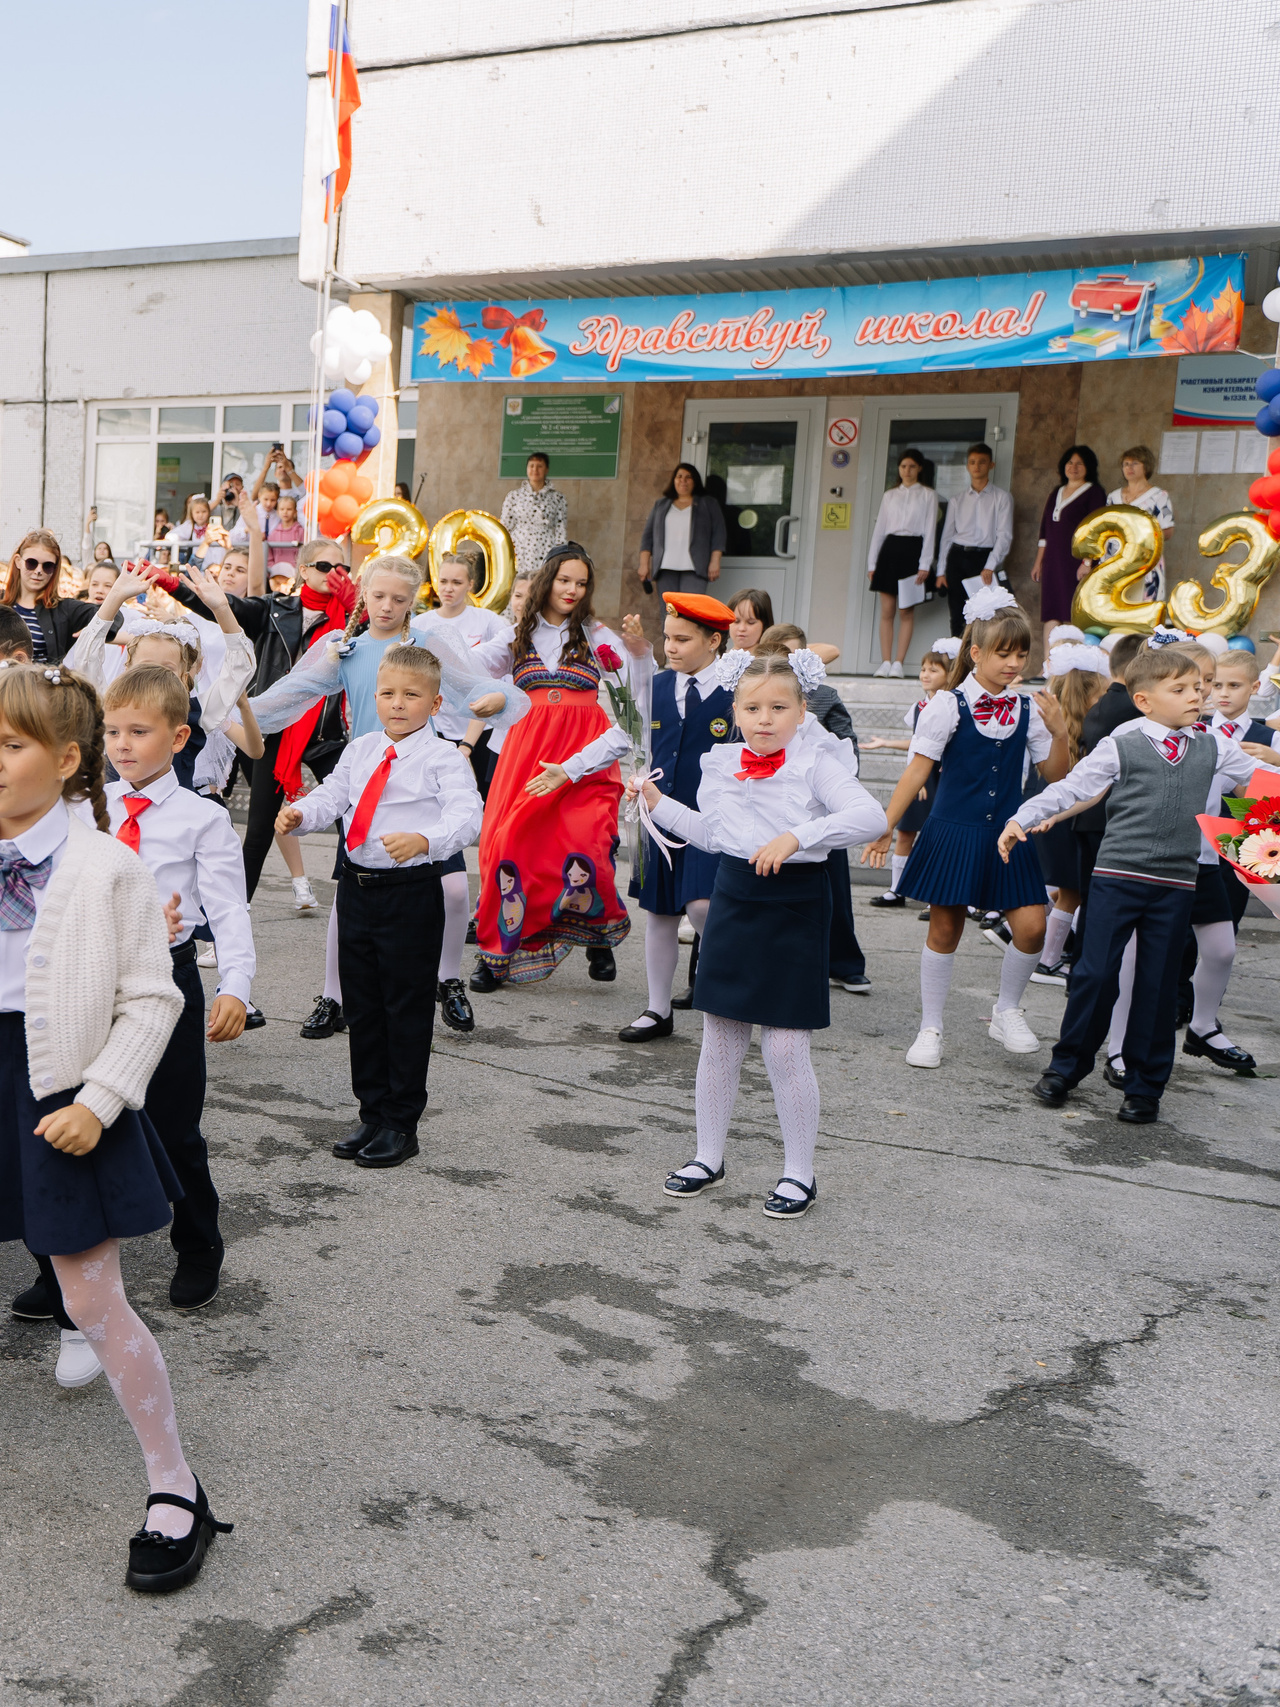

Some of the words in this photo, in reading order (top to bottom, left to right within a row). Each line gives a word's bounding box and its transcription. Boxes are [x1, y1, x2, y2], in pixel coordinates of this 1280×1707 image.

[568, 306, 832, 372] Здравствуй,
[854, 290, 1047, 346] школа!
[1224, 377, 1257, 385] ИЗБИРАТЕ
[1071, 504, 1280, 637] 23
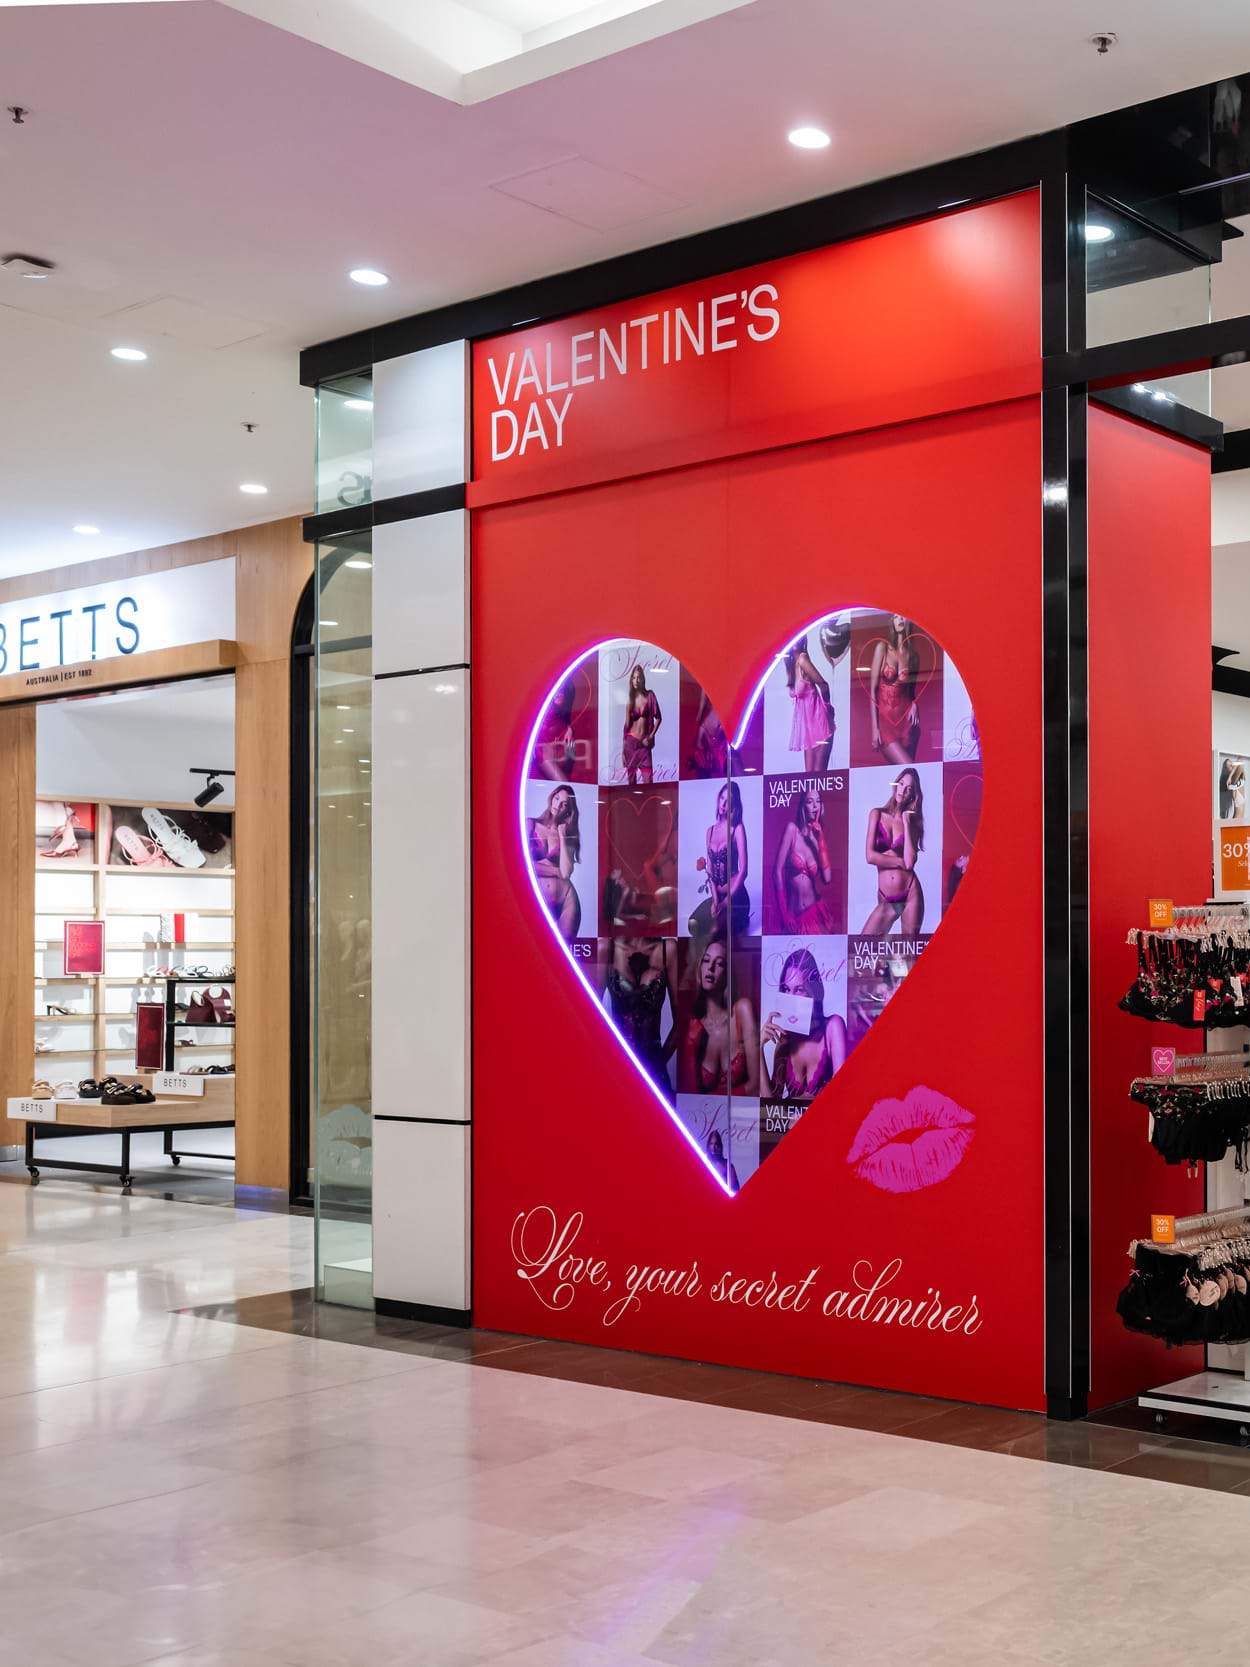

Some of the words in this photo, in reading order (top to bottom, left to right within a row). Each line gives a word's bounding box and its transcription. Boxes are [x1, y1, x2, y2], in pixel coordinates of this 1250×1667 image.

TASK DETAILS: Transcribe each of the records above precisely, with no pictures in the copy.

RESULT OF THE EXERCISE:
Some of the words in this photo, in reading order (top to bottom, left to right within a row). Each line gives a word's bounding box and its transcription. Boxes are [x1, y1, x2, y2], in pixel coordinates of this 1280×1707 image.

[568, 306, 832, 372] Здравствуй,
[854, 290, 1047, 346] школа!
[1224, 377, 1257, 385] ИЗБИРАТЕ
[1071, 504, 1280, 637] 23

Some of the words in this photo, in reading order (top to bottom, left to right within a row). Each line gives a word's bounding box and its transcription. Boxes are [x1, y1, x2, y2], in pixel coordinates of this 1250×1667 image.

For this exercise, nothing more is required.